Question: Let $a,b,c,d>0$ such that $a^2+b^2+c^2+d^2=4$. Prove that:
$$ \frac{a}{b}+\frac{b}{c}+\frac{c}{d}+\frac{d}{a}+abcd \geq 5 $$
Approach 1: using AM-GM: $$ \frac{a}{b}+\frac{b}{c}+\frac{c}{d}+\frac{d}{a}\geq 4 $$ but $abcd \leq 1$ so I am not able to conclude.
Approach 2: I have also tried Cauchy-Schwarz, but I am not sure if the inequality that I got is true or not: 
$$ \frac{a}{b}+\frac{b}{c}+\frac{c}{d}+\frac{d}{a}+abcd \geq \frac{(a+b+c+d)^2}{(a+c)(b+d)}+abcd \geq 5$$
But I don't think the last inequality is true...

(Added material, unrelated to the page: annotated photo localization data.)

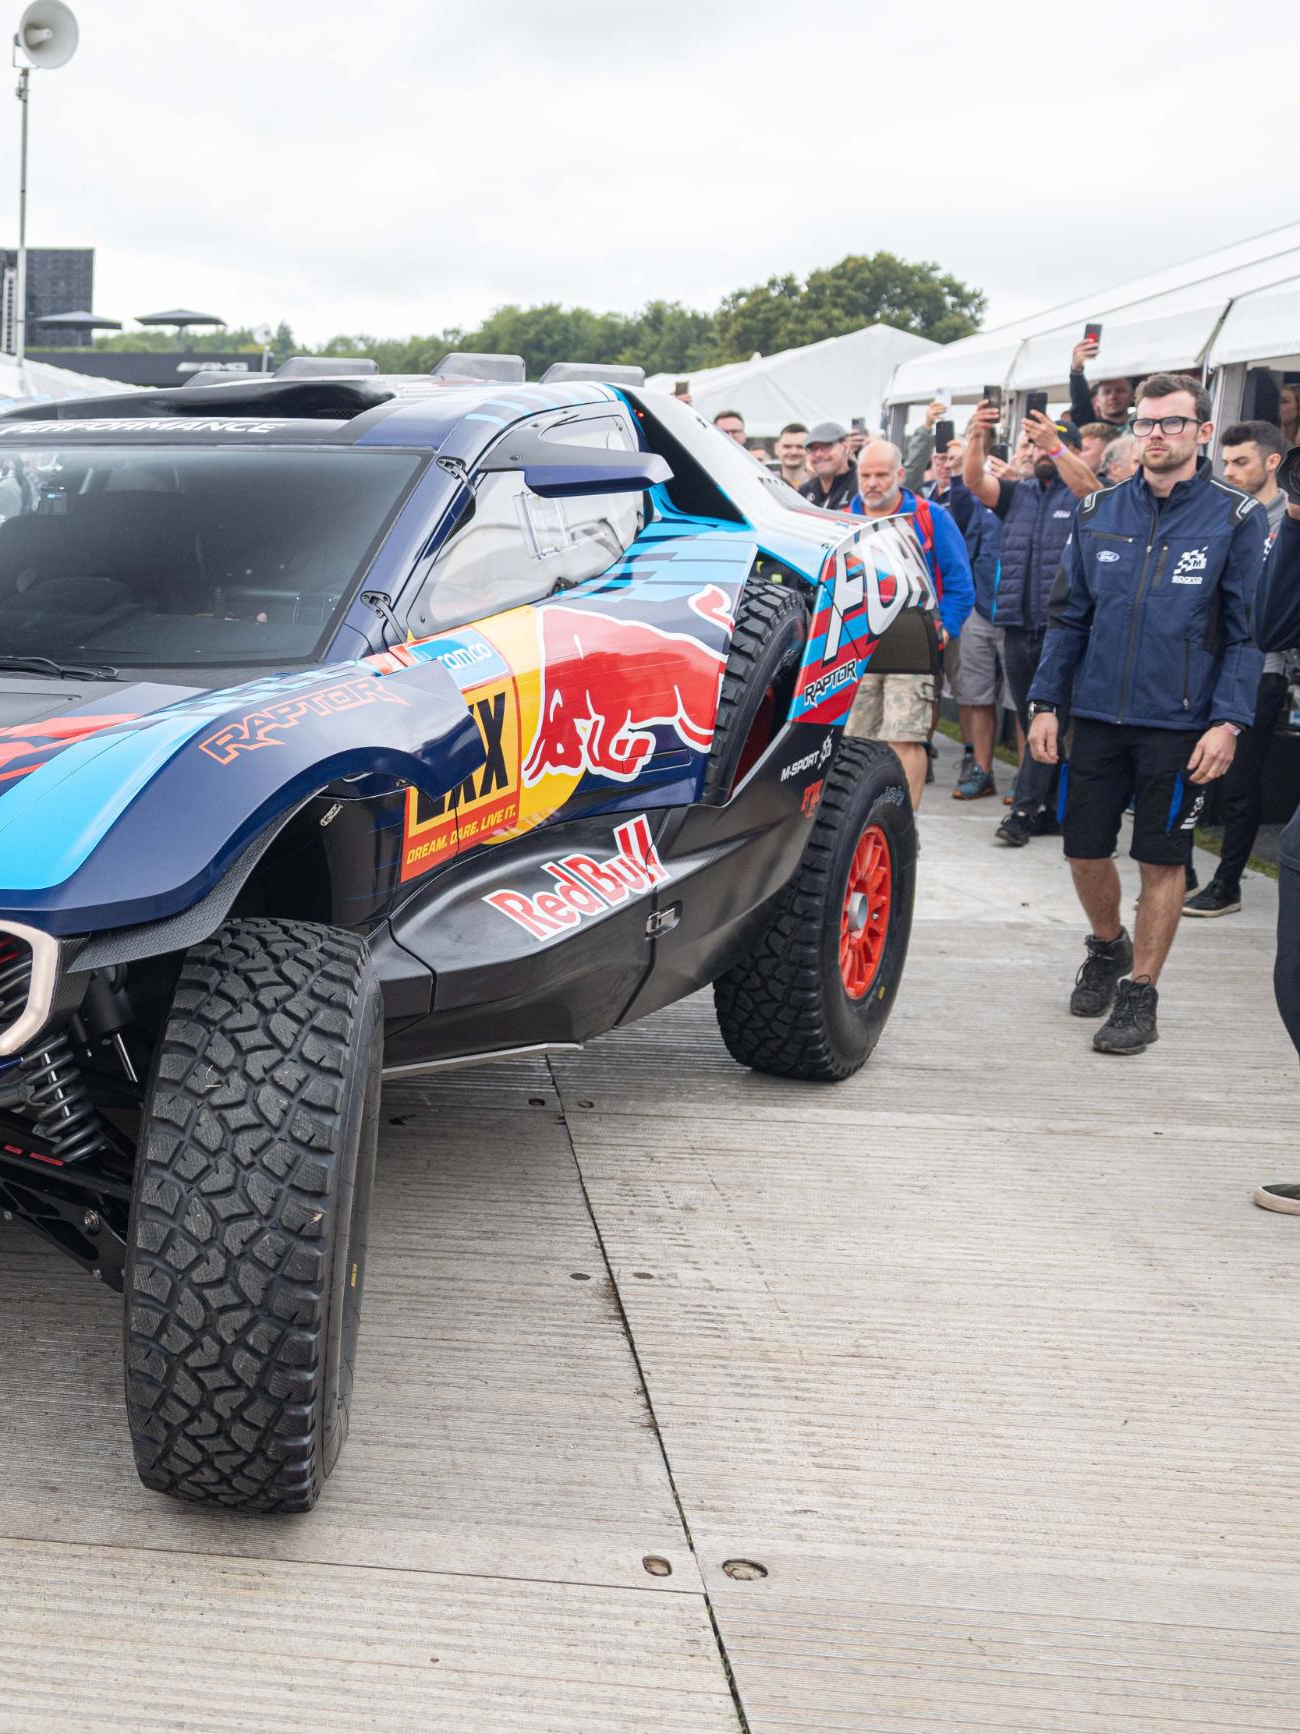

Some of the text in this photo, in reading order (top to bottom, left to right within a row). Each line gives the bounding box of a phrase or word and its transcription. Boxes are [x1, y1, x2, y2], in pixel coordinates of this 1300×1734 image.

[436, 642, 493, 671] ramco
[804, 659, 858, 708] RAPTOR
[199, 676, 411, 765] RAPTOR
[780, 750, 820, 782] M-SPORT
[406, 804, 517, 865] DREAM. DARE. LIVE IT.
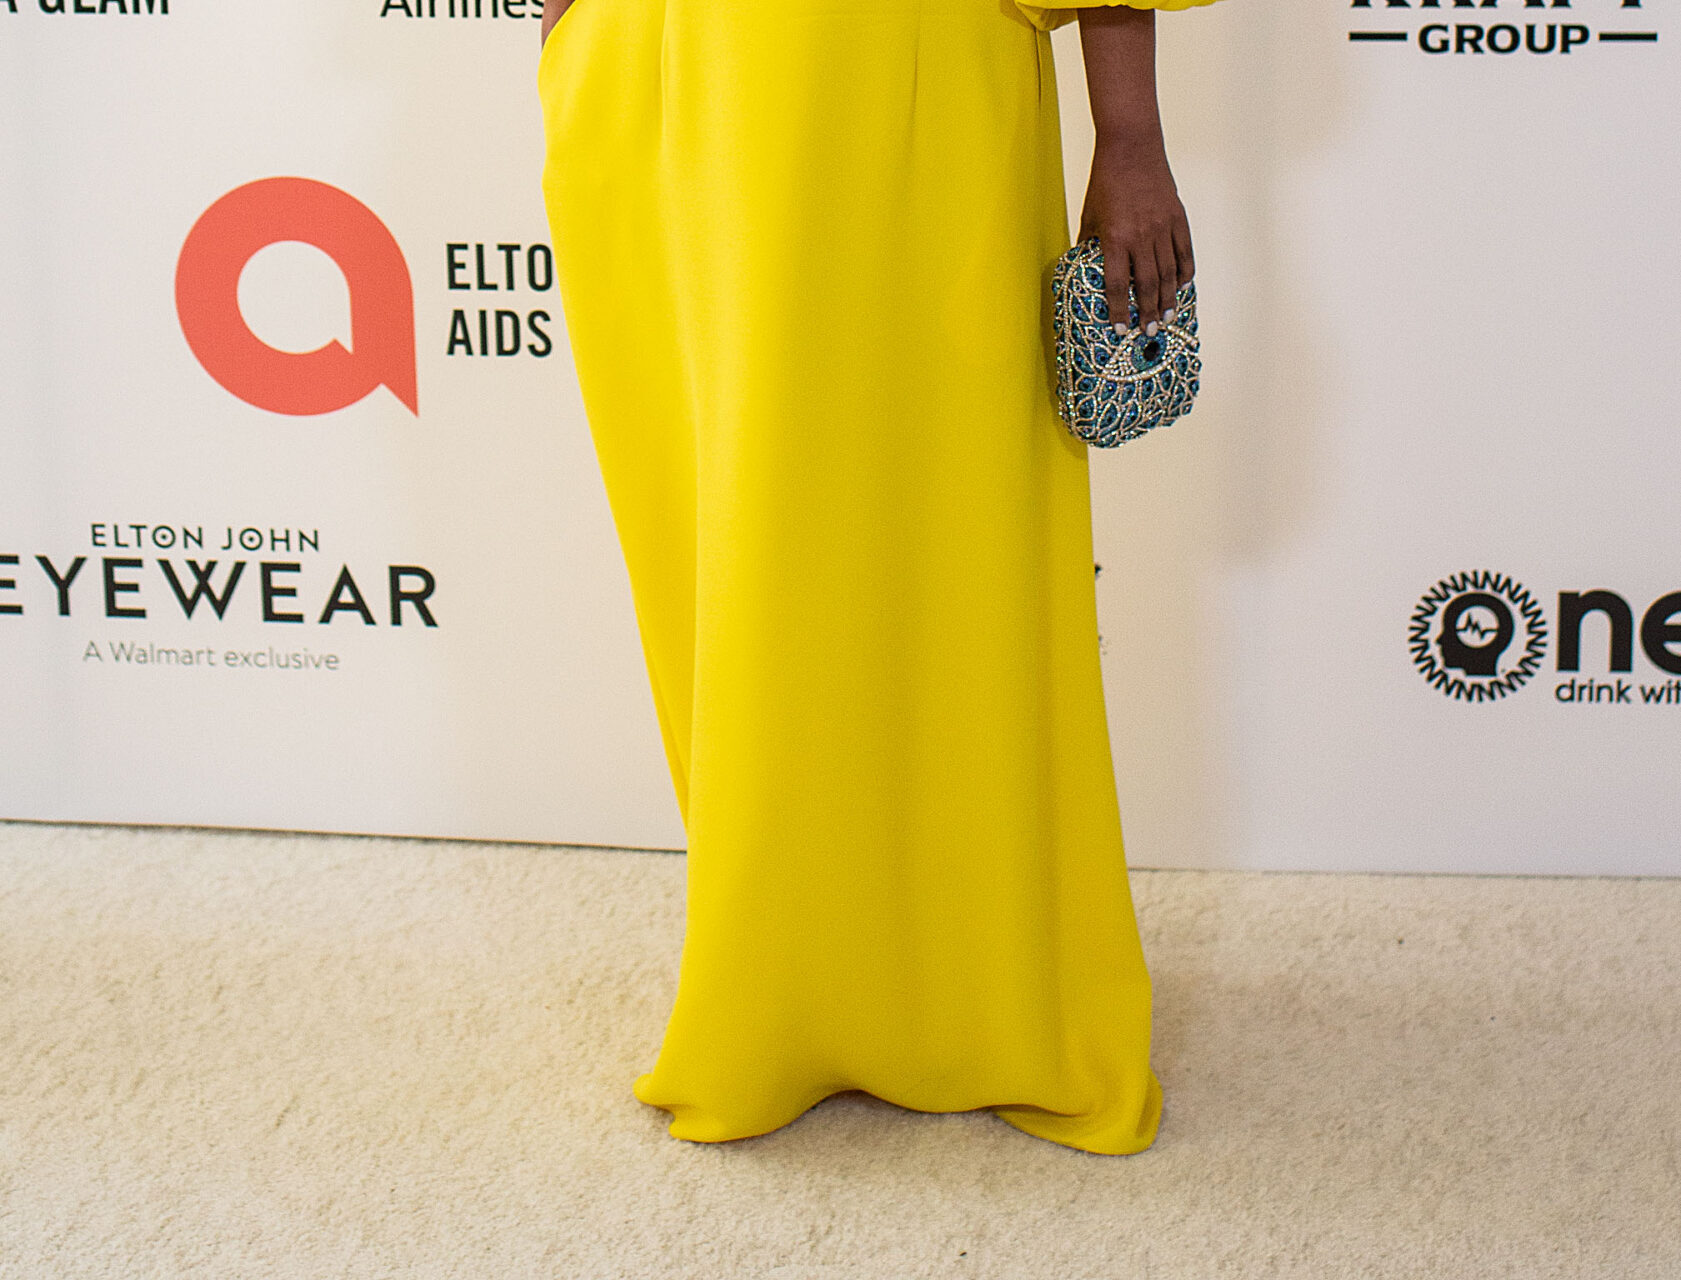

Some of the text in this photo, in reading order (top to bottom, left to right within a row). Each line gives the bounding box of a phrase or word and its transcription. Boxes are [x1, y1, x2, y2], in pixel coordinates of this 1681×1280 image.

 A: Tchebychef's inequality-If $a_1,a_2..a_n$ and $b_1,b_2..b_n$ are real numbers then $$\frac{a_1b_1+a_2b_2+ .. +a_nb_n}{n}\geq\left(\frac{a_1+a_1+...+a_n}{n}\right)\left(\frac{b_1+b_1+...+b_n}{n}\right)$$Set $a_i,b_i$ to $a,b,c,d$ .You will quickly get this$$16\geq(a+b+c+d)^2\rightarrow4\geq a+b+c+d$$Now use AM-GM inequality on $a,b,c,d$ to get $$a+b+c+d\geq 4(abcd)^{\frac{1}{4}}$$From the couple of results which have been derived above it is evident that $abcd\leq 1$ . Now applying a final AM-GM inequality.$$\frac{\frac{a}{b}+\frac{b}{c}+\frac{c}{d}+\frac{d}{a}+abcd}{5}\geq(acbd)^{\frac{1}{5}}$$$$\frac{a}{b}+\frac{b}{c}+\frac{c}{d}+\frac{d}{a}+abcd\geq5(abcd)^{\frac{1}{5}}$$and we know RHS can never exceed 5 because $abcd\leq1$ , hence the inequality is proven.https://brilliant.org/wiki/chebyshev-inequality/#=  (for Tchebychef's inequality)
A: It's a very long for the comment.
Let $a=\min\{a,b,c,d\}$, $b=a+u$, $c=a+v$ and $d=a+w$.
Thus, we need to prove that
$$\frac{a}{b}+\frac{b}{c}+\frac{c}{d}+\frac{d}{a}+\frac{16abcd}{(a^2+b^2+c^2+d^2)^2}\geq5$$ or
$$4(u-v+w)^2a^6+8(u-v+w)(3uw+vw-uv)a^5+$$
$$+(7u^4+7v^4+7w^4+4u^3w-24u^3v-8v^3u-24v^3w+4w^3u-8w^3v+$$
$$+30u^2v^2+54u^2w^2+30v^2w^2-16u^2vw+12v^2uw-16w^2uv)a^4+...\geq0.$$
The expression, which I wrote can be negative, 
which says that if even there is a proof by BW  so it's very hard.